As part of the CIT program, soldiers are trained to identify and defuse mental health crises, Conte said. This includes connecting the person in distress with a professional clinician at one of the state’s 10 community mental health centers, either for an in-person assessment or for a telehealth session, he said. declared. In extreme cases, Conte said state police are trained to refer a person to compulsory hospitalization.

“There are a lot of times you can go on a stage [and] it has not escalated to a point where force has to be used, ”he said.

Geoffrey WR Ward, the state’s senior assistant attorney general, declined to comment on Friday whether Bernier had received CIT training.

State police hope to eventually provide all officers with that instruction, according to Conte, who said it would “minimize those incidents that occur when the outcome is harmful to the person,” his family and the police.

But efforts are underway in New Hampshire to reduce interactions between law enforcement and people with mental illness.

A bill recently introduced to the NHL Legislature would establish a committee to study the role of mental health in police use of force incidents. The legislation would also provide nearly $ 4 million to reimburse local police departments for registering their officers for CIT training.

Mental health centers based in Concord, Manchester and Nashua have also in recent years started sending clinicians to defuse psychiatric crises – in some cases accompanying or replacing the police at the scene.

This model, which data shows helped reduce mental illness hospitalizations, is the basis of a plan to make similar emergency resources available statewide. Part of a package of laws passed two years ago to expand mental health services, mobile crisis response teams received a boost in June when NH’s Executive Council approved $ 52 million. dollars for the 10 community providers.

Conte, the mental health and wellness coordinator for NH State Police, said mobile crisis response units will help provide even better care for people with mental illness. And as the state prepares to roll out a new 988 mental health crisis hotline in July, Conte said professional clinicians will often be sent directly to those calls, saving the police from asking. her help when she goes to the scene.

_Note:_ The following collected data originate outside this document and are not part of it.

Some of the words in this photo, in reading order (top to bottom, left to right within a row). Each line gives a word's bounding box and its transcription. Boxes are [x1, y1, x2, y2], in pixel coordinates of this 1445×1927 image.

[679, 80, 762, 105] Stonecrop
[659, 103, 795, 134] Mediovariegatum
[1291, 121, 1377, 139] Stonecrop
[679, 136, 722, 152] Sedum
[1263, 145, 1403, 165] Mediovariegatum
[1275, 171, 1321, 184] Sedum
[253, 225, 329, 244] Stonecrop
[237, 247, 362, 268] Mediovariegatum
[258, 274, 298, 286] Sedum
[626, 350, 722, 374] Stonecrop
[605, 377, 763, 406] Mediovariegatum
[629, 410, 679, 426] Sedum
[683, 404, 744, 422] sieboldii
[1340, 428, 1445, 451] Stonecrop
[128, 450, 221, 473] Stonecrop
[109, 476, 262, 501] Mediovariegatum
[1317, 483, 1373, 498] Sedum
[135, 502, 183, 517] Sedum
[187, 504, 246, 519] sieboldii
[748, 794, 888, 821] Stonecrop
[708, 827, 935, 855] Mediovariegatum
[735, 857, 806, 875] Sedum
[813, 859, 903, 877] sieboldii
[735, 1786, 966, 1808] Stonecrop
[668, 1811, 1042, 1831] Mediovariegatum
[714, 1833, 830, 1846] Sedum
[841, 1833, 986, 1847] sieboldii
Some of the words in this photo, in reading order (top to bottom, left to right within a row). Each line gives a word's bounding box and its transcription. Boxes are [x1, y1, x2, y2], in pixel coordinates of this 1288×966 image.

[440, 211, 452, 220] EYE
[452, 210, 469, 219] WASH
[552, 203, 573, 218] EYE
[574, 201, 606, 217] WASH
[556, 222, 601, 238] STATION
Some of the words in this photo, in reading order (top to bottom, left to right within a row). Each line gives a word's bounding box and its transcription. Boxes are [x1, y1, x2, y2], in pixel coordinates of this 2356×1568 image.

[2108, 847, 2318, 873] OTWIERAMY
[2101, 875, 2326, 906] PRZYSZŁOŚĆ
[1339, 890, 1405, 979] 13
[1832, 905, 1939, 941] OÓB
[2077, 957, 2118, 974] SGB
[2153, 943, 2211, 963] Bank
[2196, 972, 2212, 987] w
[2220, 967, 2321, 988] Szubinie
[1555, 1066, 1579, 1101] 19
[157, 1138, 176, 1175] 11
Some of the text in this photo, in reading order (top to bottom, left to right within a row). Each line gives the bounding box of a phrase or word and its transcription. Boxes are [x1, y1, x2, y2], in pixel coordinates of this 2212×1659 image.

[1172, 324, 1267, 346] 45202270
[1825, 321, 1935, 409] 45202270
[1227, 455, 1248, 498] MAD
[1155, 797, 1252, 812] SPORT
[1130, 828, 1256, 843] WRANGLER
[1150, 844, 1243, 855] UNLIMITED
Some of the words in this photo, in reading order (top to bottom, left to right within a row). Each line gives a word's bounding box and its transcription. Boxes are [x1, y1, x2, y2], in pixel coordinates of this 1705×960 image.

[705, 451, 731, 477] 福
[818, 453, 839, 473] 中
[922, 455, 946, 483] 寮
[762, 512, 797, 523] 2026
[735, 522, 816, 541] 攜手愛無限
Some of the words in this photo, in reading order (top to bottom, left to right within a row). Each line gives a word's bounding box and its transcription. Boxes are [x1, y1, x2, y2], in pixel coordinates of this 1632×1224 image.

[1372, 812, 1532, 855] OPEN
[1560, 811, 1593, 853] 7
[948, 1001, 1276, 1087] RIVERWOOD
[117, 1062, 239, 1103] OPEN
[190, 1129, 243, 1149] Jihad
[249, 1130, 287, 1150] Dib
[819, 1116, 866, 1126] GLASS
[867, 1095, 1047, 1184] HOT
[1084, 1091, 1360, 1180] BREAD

“By the time you get there, it’s a lot more of a team effort,” he said. “And that pushes people to a much better outcome. It will save lives. It’s already done.

But it’s unclear how quickly crisis response teams will be available for emergencies in rural areas and at odd times, like the call that preceded the County Road shooting.

Due to the small staff, Monadnock Family Services in Keene – the Monadnock area mental health center – will initially only be able to provide daytime mobile units, according to CEO Phil Wyzik.

MFS, which administers emergency psychiatric care and operates a 24/7 hotline, would need around 10 full-time workers to offer the 24-hour crisis response teams, Wyzik said, because the state’s contract for this service requires two people to respond to each emergency. On Friday, he said the nonprofit only had about a third of the people needed to fully staff these mobile units when they launch next month.

“There are still a lot of concerns about the workforce that has to do this job,” he said.

Wyzik declined to say if MFS had been contacted to help with the County Road incident, citing the organization’s privacy policy.

In other states with psychiatric crisis helplines, he said a large majority of calls are resolved over the phone. But for emergencies requiring in-person response, Wyzik said it was too early to know how clinicians and law enforcement would work together.

“I think we’re going to be in the discovery phase of that to see how it really goes,” he said.

If you or a loved one is struggling with a mental illness, Monadnock Family Services offers 24/7 care at 357-4400 and personalized counseling at its offices across the region. Professional clinicians will be available, starting in January, through the state’s Rapid Response Access Point service at 833-710-6477 and through the 988 statewide hotline from July.